You are viewing a plain text version of this content. The canonical link for it is here.
Posted to issues@spark.apache.org by "Marco Gaido (JIRA)" <ji...@apache.org> on 2017/10/19 15:51:00 UTC

[jira] [Commented] (SPARK-22307) NOT condition working incorrectly

    [ https://issues.apache.org/jira/browse/SPARK-22307?page=com.atlassian.jira.plugin.system.issuetabpanels:comment-tabpanel&focusedCommentId=16211239#comment-16211239 ] 

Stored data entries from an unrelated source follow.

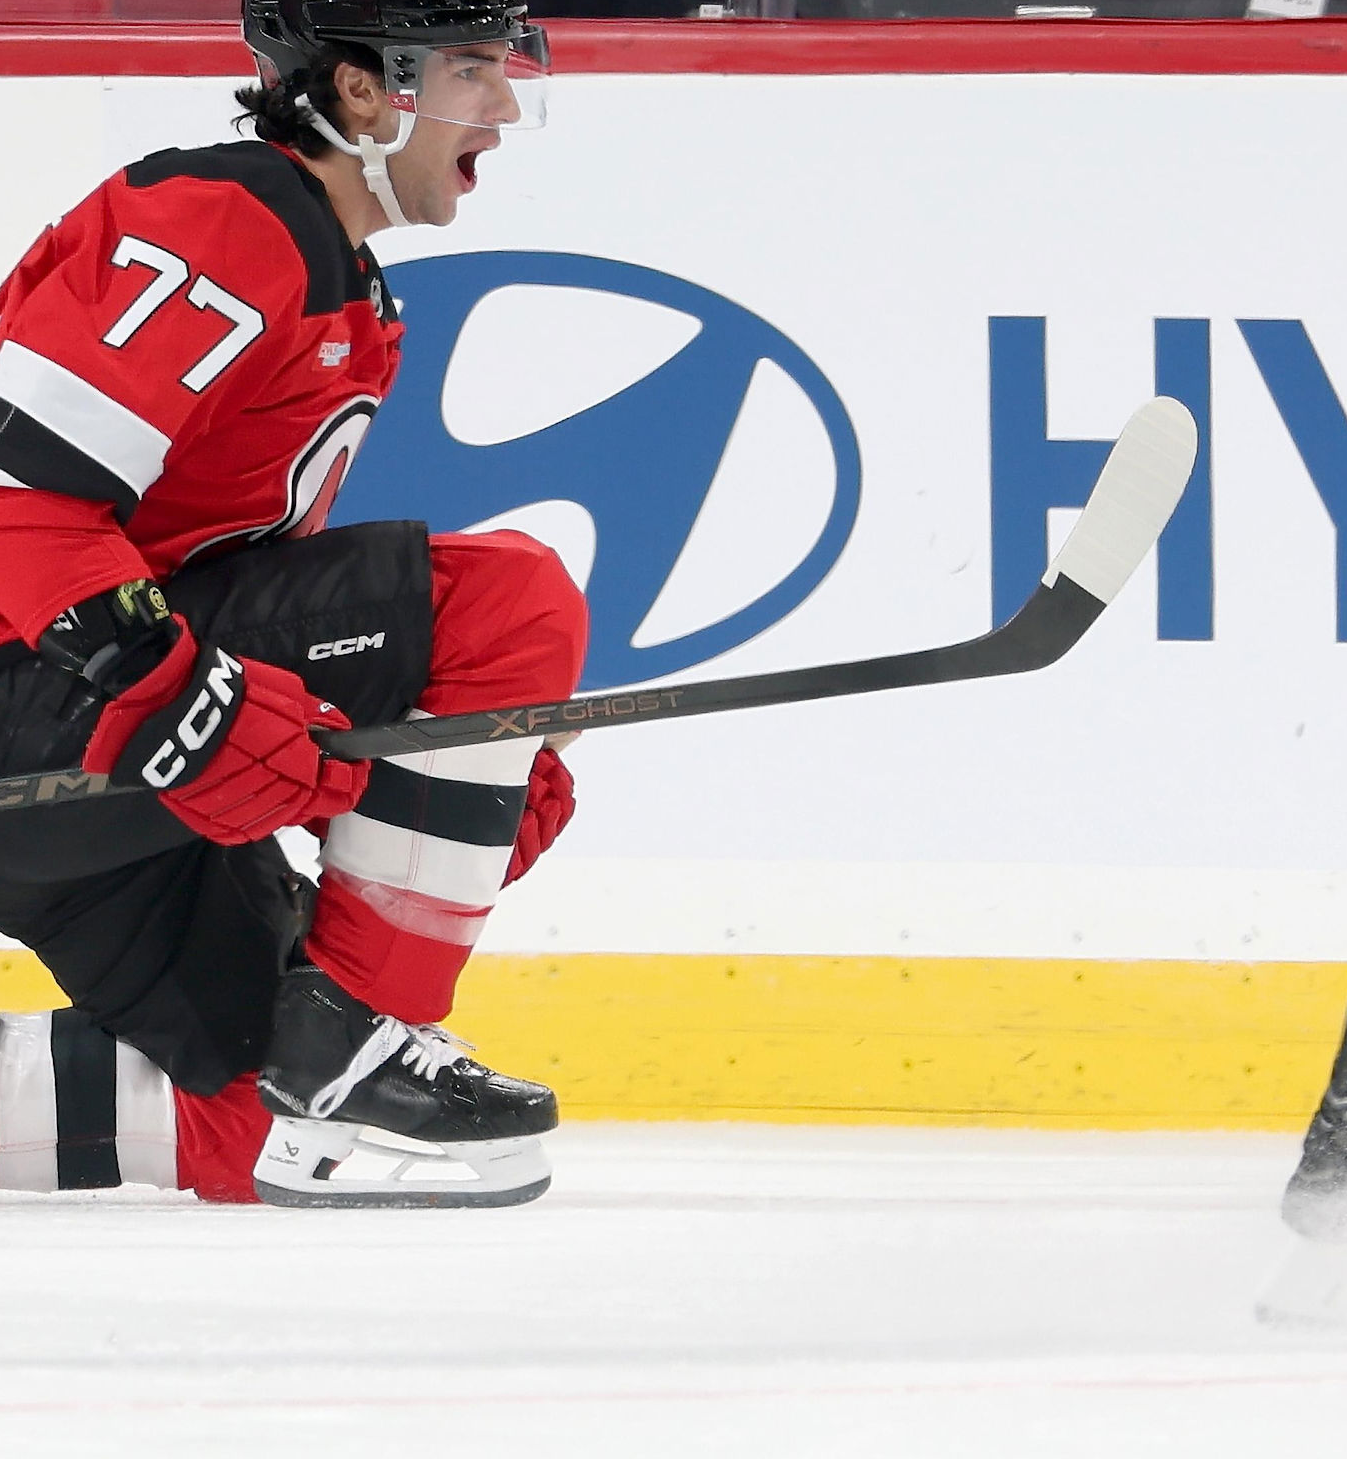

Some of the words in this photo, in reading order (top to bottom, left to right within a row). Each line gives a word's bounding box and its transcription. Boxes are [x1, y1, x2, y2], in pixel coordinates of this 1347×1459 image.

[101, 235, 266, 394] 77
[307, 631, 385, 662] CCM
[141, 647, 244, 790] CCM
[486, 703, 556, 738] XF
[562, 690, 685, 722] GHOST

Marco Gaido commented on SPARK-22307:
-------------------------------------

Have you checked if the missing records contain null as a value for `col1`? If so, there is no bug and this is an expected behavior according to SQL standards, since operations involving nulls are evaluated to null and null is considered false in conditions. Thus nulls are filtered in both cases correctly.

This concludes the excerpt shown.